* Problem description *
Retype the whole listing, please, keeping every line exact and dropping the pictures.

* Exercise data *
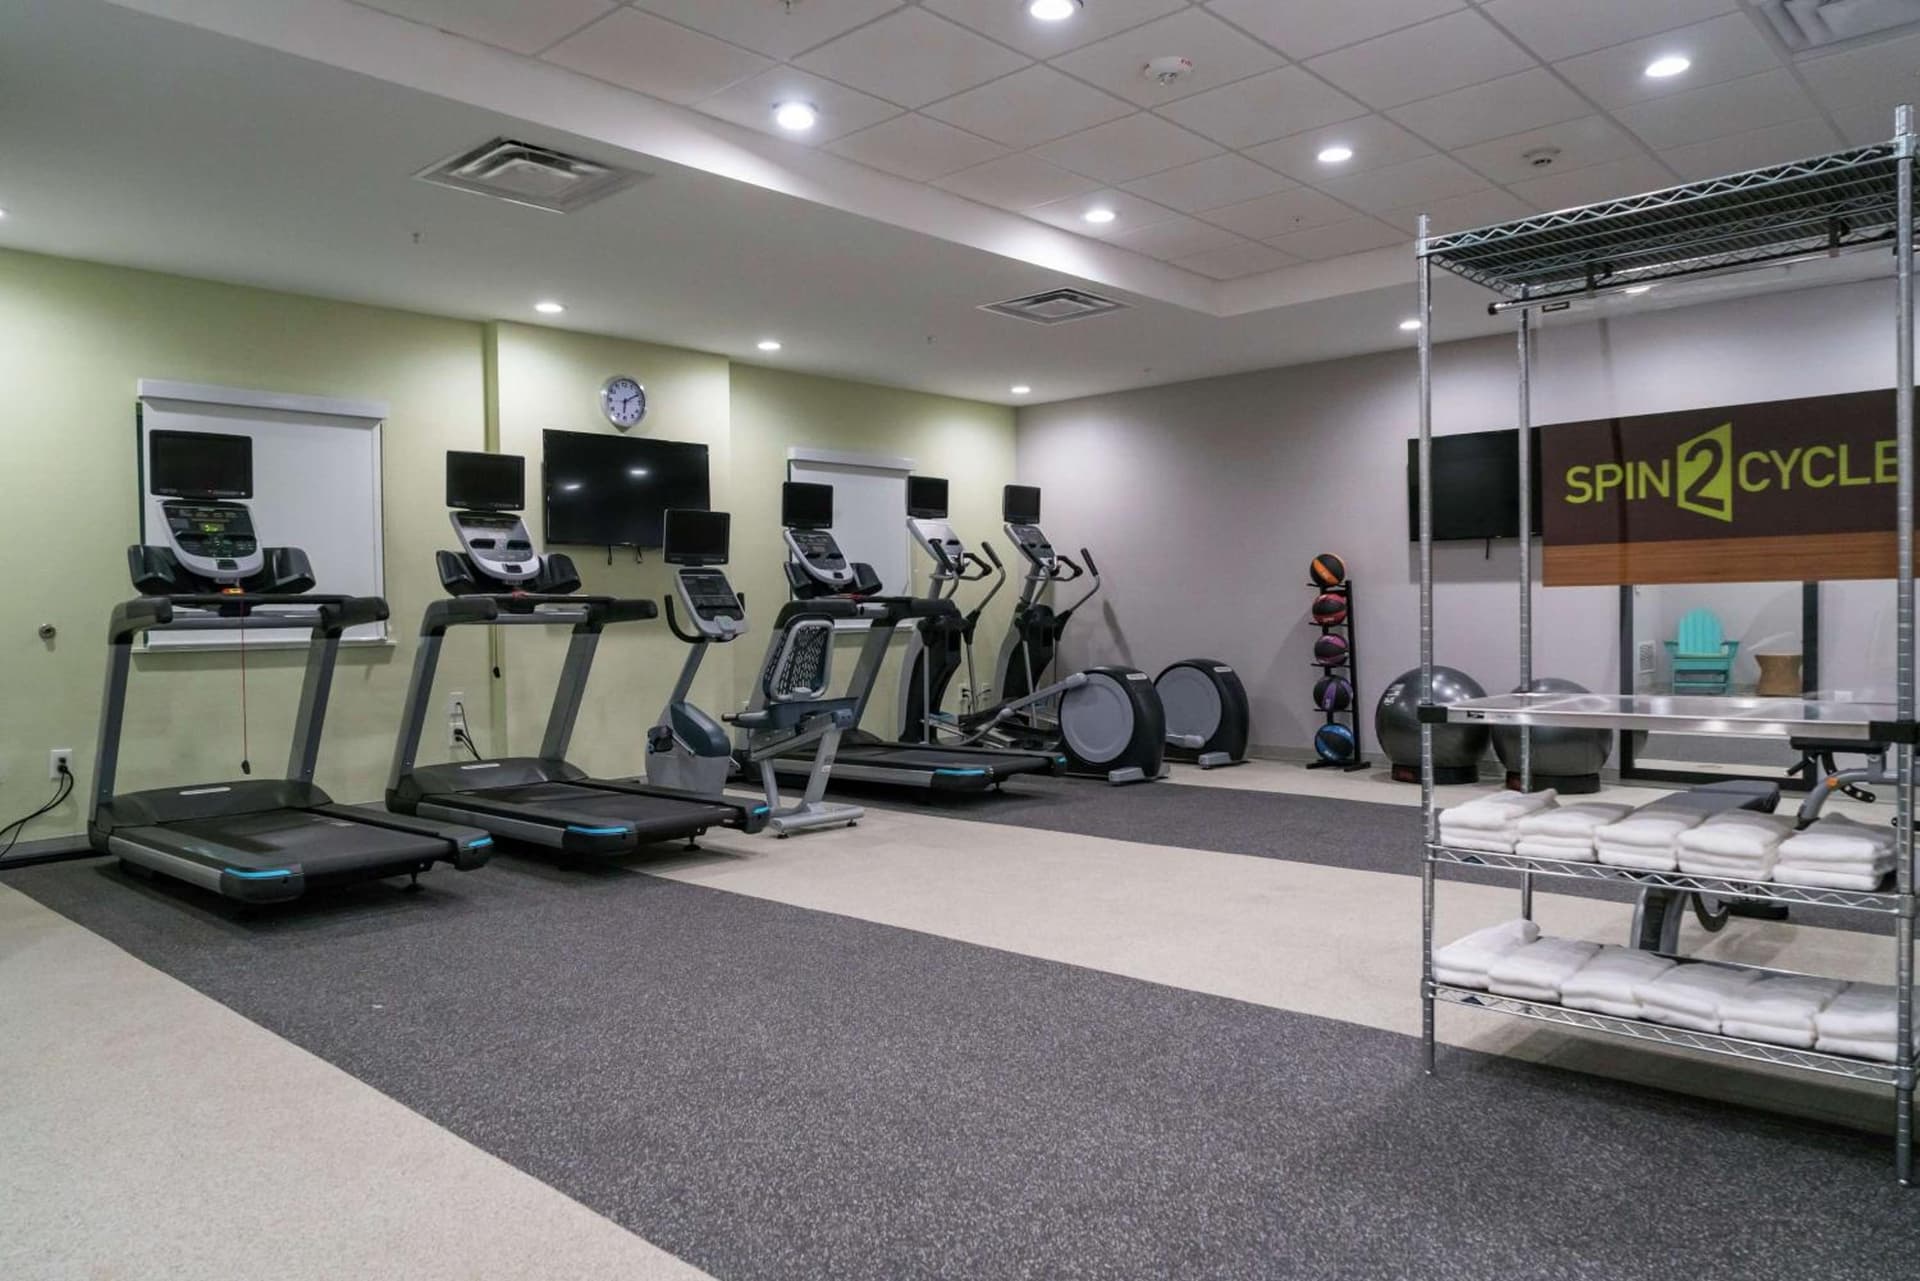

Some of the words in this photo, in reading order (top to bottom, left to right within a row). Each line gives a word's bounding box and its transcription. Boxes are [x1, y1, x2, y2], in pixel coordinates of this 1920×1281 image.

[1565, 460, 1670, 504] SPIN
[1684, 439, 1725, 512] 2
[1738, 440, 1898, 492] CYCLE
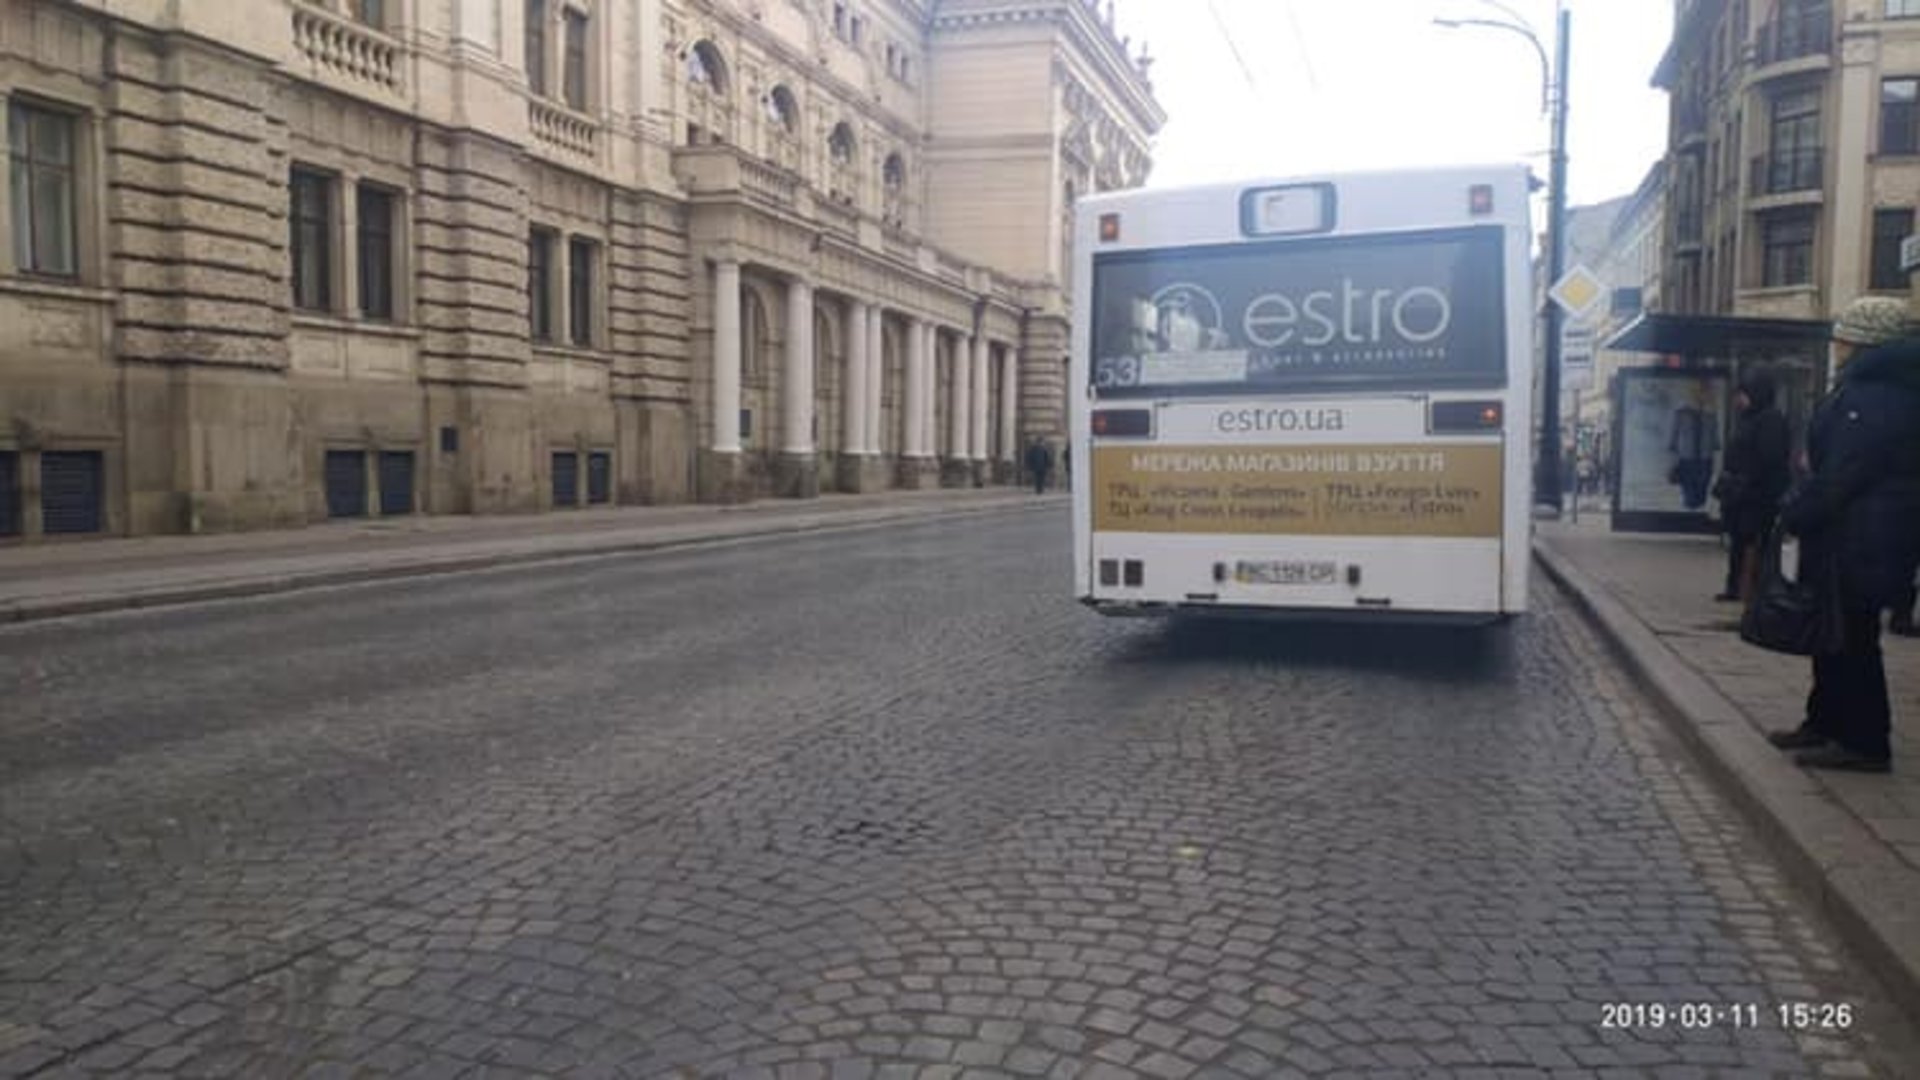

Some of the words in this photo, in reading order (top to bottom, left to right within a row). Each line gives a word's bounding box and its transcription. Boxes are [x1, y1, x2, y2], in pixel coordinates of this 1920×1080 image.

[1243, 278, 1451, 348] estro
[1097, 355, 1139, 387] 53
[1218, 407, 1344, 432] estro.ua
[1357, 452, 1446, 472] ВЗУТТЯ
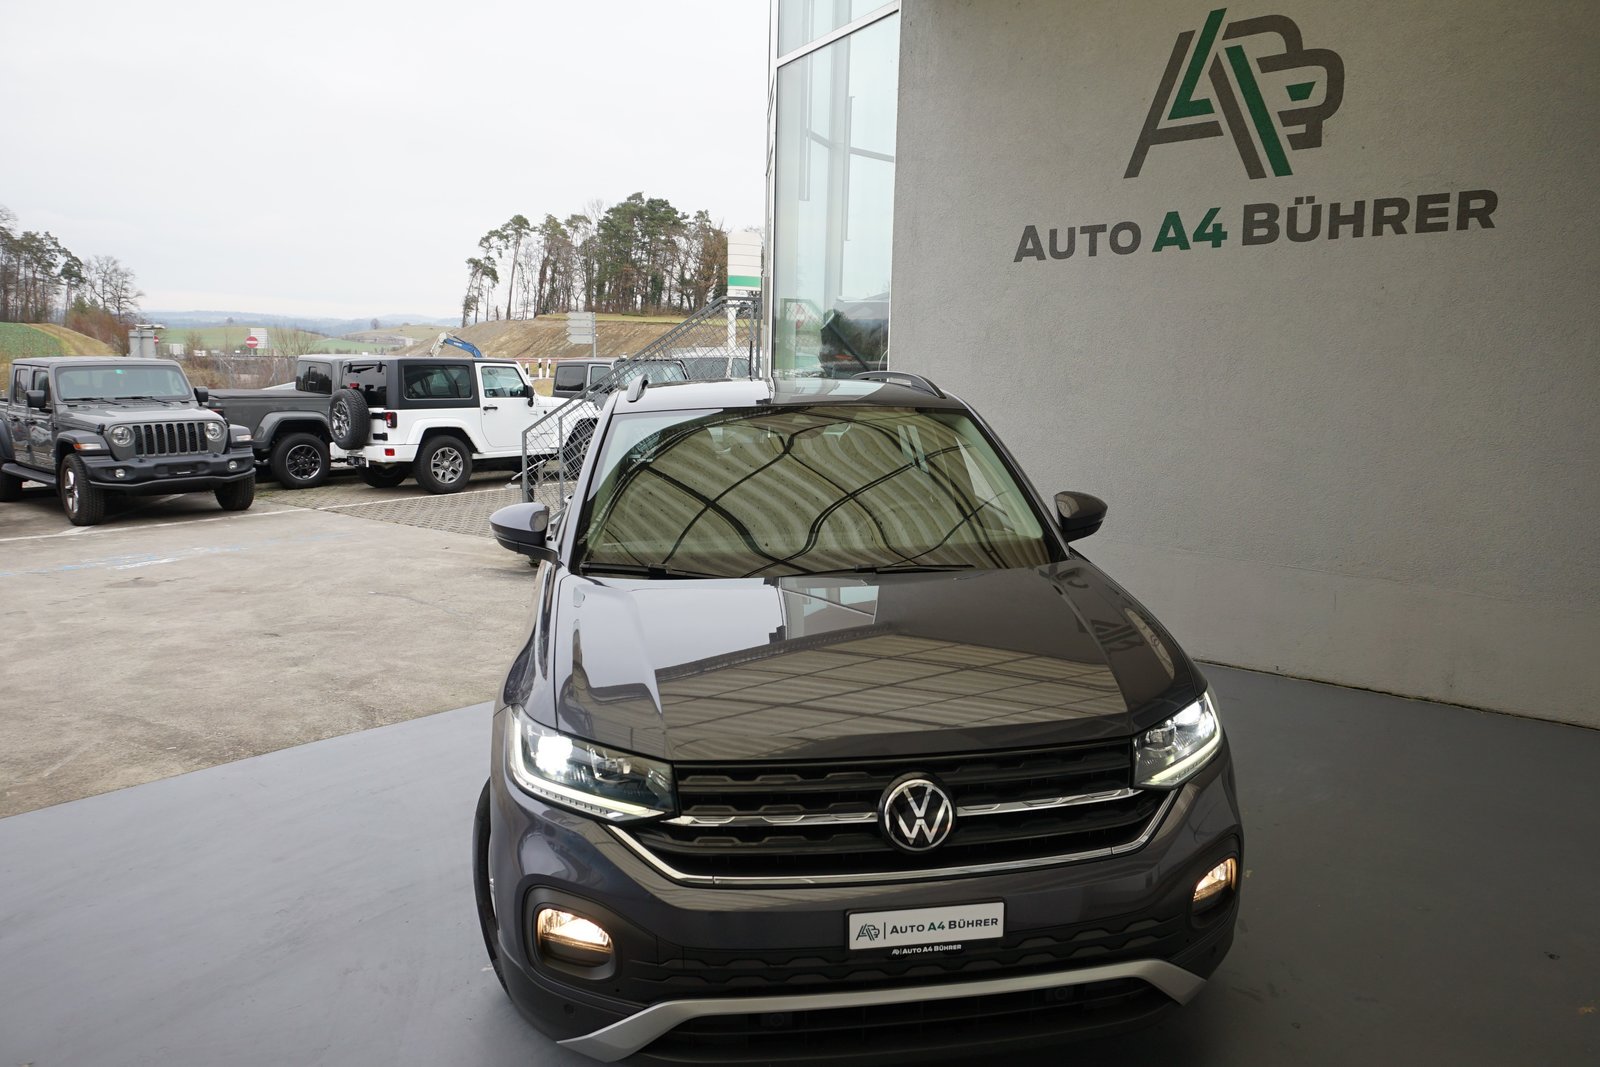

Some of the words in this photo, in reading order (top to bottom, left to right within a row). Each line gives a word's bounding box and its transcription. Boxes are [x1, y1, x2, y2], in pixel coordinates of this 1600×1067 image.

[1013, 220, 1142, 263] AUTO
[1151, 206, 1228, 253] A4
[1241, 188, 1499, 247] BÜHRER
[889, 924, 925, 935] AUTO
[927, 921, 946, 932] A4
[948, 917, 999, 930] BÜHRER
[902, 947, 922, 955] AUTO
[933, 944, 962, 952] BÜHRER

* Solved exercise *
Some of the words in this photo, in reading order (top to bottom, left to right within a row). Each line gives a word's bounding box and its transcription. Boxes are [x1, y1, x2, y2], in pixel coordinates of this 1920×1281 image.

[1565, 460, 1670, 504] SPIN
[1684, 439, 1725, 512] 2
[1738, 440, 1898, 492] CYCLE

Some of the words in this photo, in reading order (top to bottom, left to right within a row). Each line gives a word's bounding box and its transcription. Boxes are [x1, y1, x2, y2], in pixel coordinates of this 1920×1080 image.

[1243, 278, 1451, 348] estro
[1097, 355, 1139, 387] 53
[1218, 407, 1344, 432] estro.ua
[1357, 452, 1446, 472] ВЗУТТЯ

Some of the words in this photo, in reading order (top to bottom, left to right within a row). Each line gives a word's bounding box and its transcription. Boxes are [x1, y1, x2, y2], in pixel coordinates of this 1600×1067 image.

[1013, 220, 1142, 263] AUTO
[1151, 206, 1228, 253] A4
[1241, 188, 1499, 247] BÜHRER
[889, 924, 925, 935] AUTO
[927, 921, 946, 932] A4
[948, 917, 999, 930] BÜHRER
[902, 947, 922, 955] AUTO
[933, 944, 962, 952] BÜHRER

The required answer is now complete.